En relación con la incautación del 7 de julio de 2016 (Incautación 8), las autoridades del orden público de los Estados Unidos realizaron una interceptación autorizada judicialmente de las siguientes comunicaciones: el 29 de junio de 2016 - PAYÁN y Nombre desconocido Apellido desconocido (sic), alias "Nicolás" hablan sobre la coordinación del zarpe de una embarcación; y el 3 de julio de 2016 - PAYÁN y Nombre desconocido Apellido desconocido, alias "PELÓN 1975" hablan sobre la recepción de la embarcación en Guatemala y la situación de la embarcación. Un acusado cooperador ("AC1"), que fue aprehendido en relación con esta incautación, también proporcionó información de que PAYÁN y CABEZA estuvieron involucrados en el despacho de la embarcación y el pago a los tripulantes por esta operación. 19.

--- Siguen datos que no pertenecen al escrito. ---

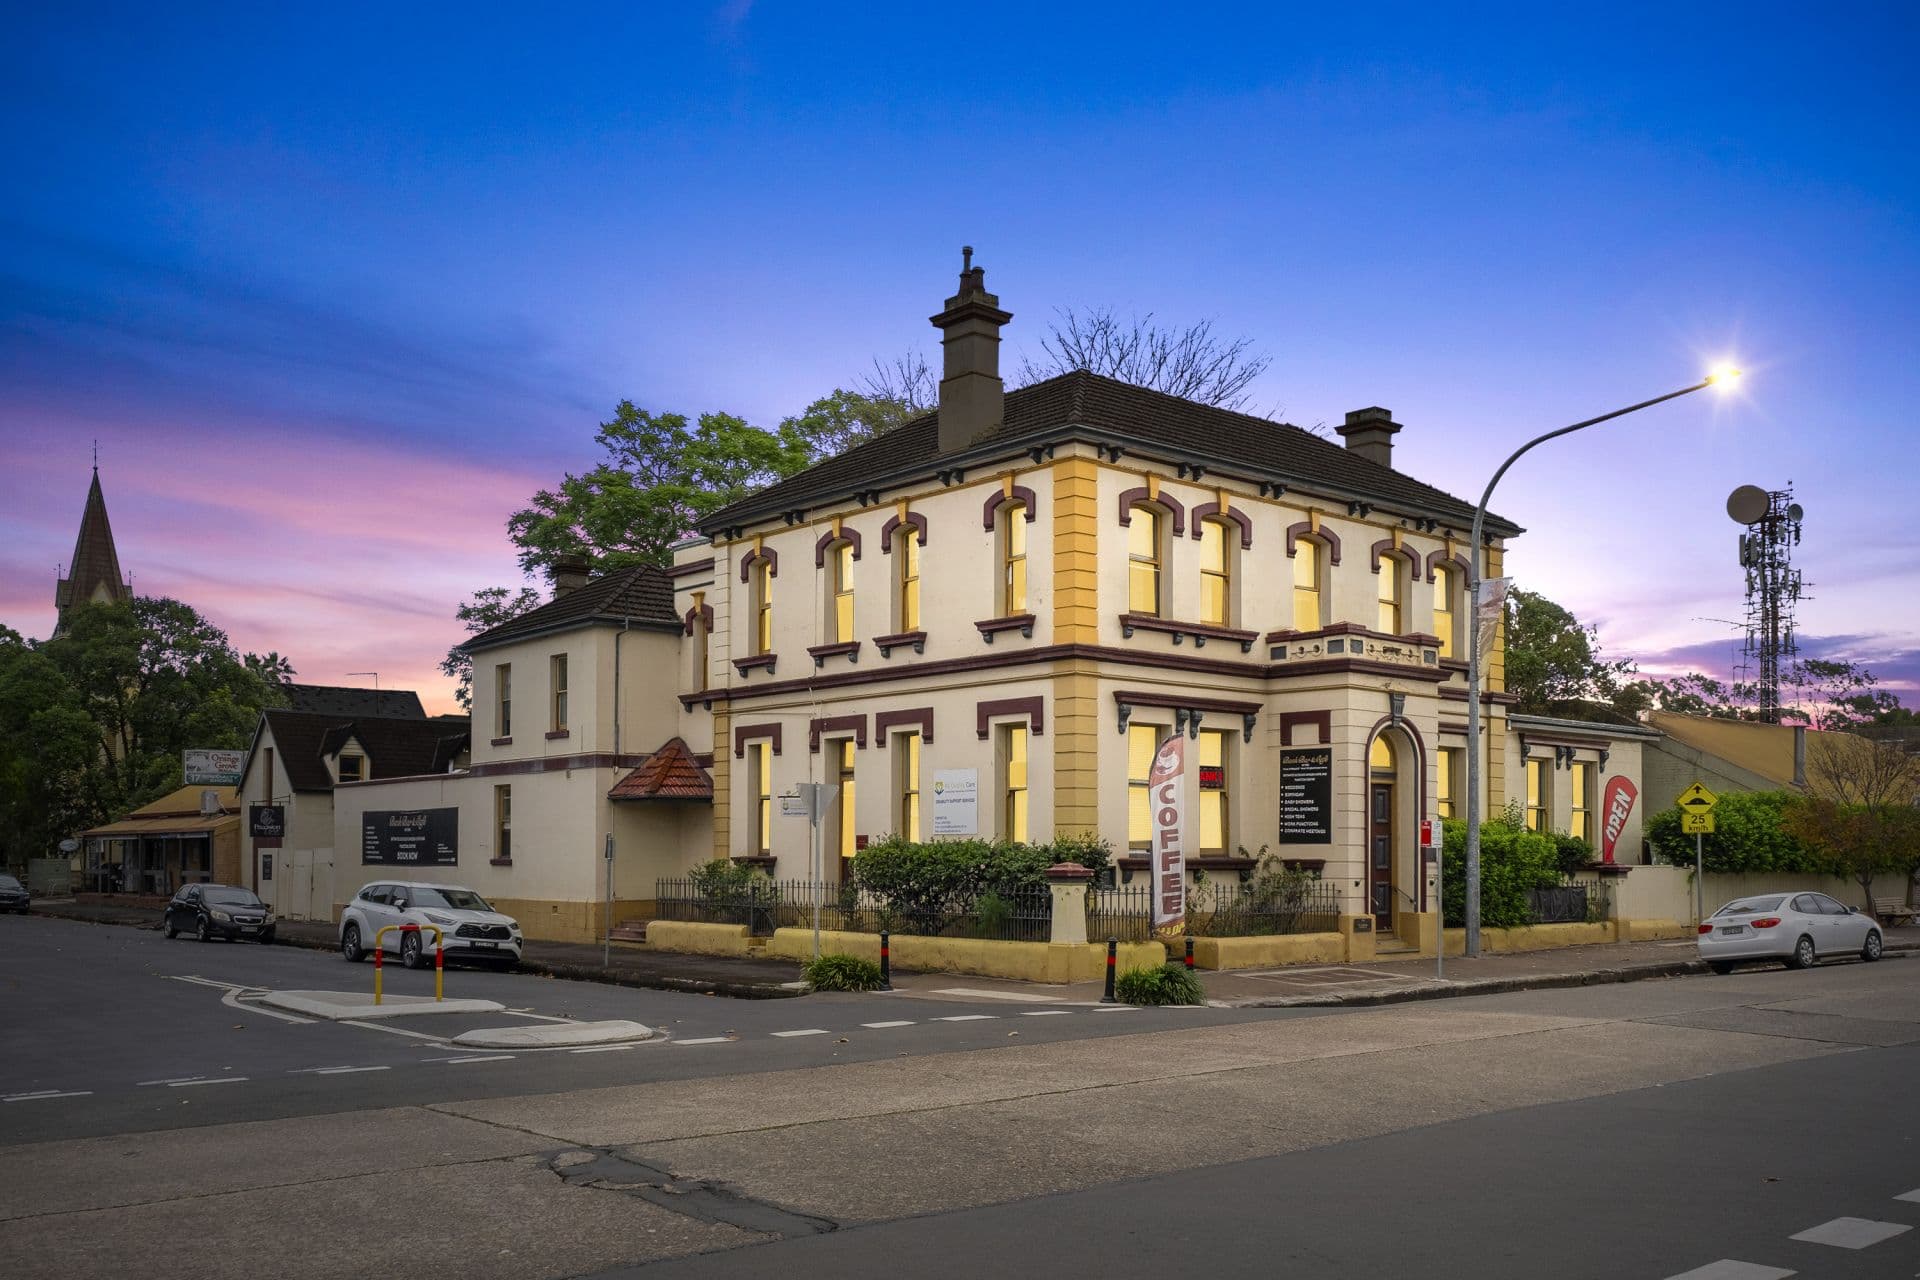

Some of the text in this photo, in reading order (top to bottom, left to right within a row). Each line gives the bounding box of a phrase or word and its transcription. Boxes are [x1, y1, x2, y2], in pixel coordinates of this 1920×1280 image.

[211, 753, 240, 765] Orange
[215, 761, 239, 770] Grove
[1606, 788, 1631, 842] OPEN
[1691, 814, 1705, 825] 25
[1689, 824, 1709, 833] km/h
[1158, 783, 1182, 915] COFFEE
[397, 851, 419, 860] BOOK NOW

En relación con la incautación del 18 de julio de 2016 (Incautación 9), las autoridades del orden público de los Estados Unidos realizaron una interceptación autorizada judicialmente de las siguientes comunicaciones: el 8 de julio de 2016 - Martínez y PAYÁN coordinan el movimiento de una embarcación que contenía cocaína y Martínez le dice a PAYÁN que se comunique con "Alex" (CABEZA); el 10 de julio de 2016 - PAYÁN y CABEZA hablan sobre la situación y ubicación de la embarcación y la distancia que queda antes del reabastecimiento de combustible; el 10 de julio de 2016 - PAYÁN y Martínez hablan, en lenguaje codificado, sobre la cantidad de cocaína que ha invertido "LAMOCHA" (MEJÍA); el 14 de julio de 2016-PAYÁN y "LAMOCHA" (MEJÍA) hablan sobre reunirse de modo que PAYÁN pueda darle a LAMOCHA la (sic) coordenadas que se usarán para el transporte; y el 16 de julio de 2016 – PAYÁN y "LAMOCHA" (MEJÍA) hablan sobre la locación de la embarcación. 20.

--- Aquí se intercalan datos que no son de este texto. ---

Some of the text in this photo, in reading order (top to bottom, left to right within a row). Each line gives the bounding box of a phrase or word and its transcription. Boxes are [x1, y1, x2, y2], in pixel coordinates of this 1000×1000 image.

En relación con la incautación del 27 de julio de 2016 (Incautación10), las autoridades del orden público de los Estados Unidos realizaron una interceptación autorizada judicialmente de las siguientes comunicaciones: 26 de julio de 2016 - PAYÁN y "Naya" hablan sobre el trazado de las coordenadas de un transporte de cocaína y al final, concuerdan en una ruta. 21.

Un acusado cooperante adicional ("AC2"), un traficante marítimo de estupefacientes identificó una fotografía de PAREDES y dijo que PAREDES es el jefe de Martínez. El AC2 también identificó una fotografía de PAYÁN y dijo que PAYÁN trabaja para Martínez. Las autoridades del orden público de los Estados Unidos también realizaron una interceptación autorizada judicialmente de conversaciones del AC2 con Martínez relacionadas con las incautaciones 6 y 7.

Precisada la imputación de que es objeto el solicitado Etelberto Payán Salazar, se tiene que la conducta de presuntamente haberse asociado con otras personas para distribuir cocaína con la intención de importarla ilícitamente a los Estados Unidos, guarda identidad con lo descrito en los artículos 340 (modificado por los artículos 8º de la Ley 733 de 2002, 14 de la Ley 890 de 2004 y 19 de la Ley 1121 de 2006), 376 (reformado por los artículos 14 de la Ley 890 de 2004 y 11 de la Ley 1453 de 2011) y 384 del Código Penal, por cuanto tales normas, en su orden, consagran lo siguiente: Concierto para delinquir.

Cuando varias personas se concierten con el fin de cometer delitos, cada una de ellas será penada, por esa sola conducta, con prisión… de cuarenta y ocho (48) meses a ciento ocho (108) meses. Cuando el concierto sea para cometer delitos de… tráfico de drogas tóxicas, estupefacientes o sustancias sicotrópicas… la pena será de prisión de ocho (8) a dieciocho (18) años y multa de dos mil setecientos (2.700) hasta treinta mil (30.000) salarios mínimos legales mensuales vigentes.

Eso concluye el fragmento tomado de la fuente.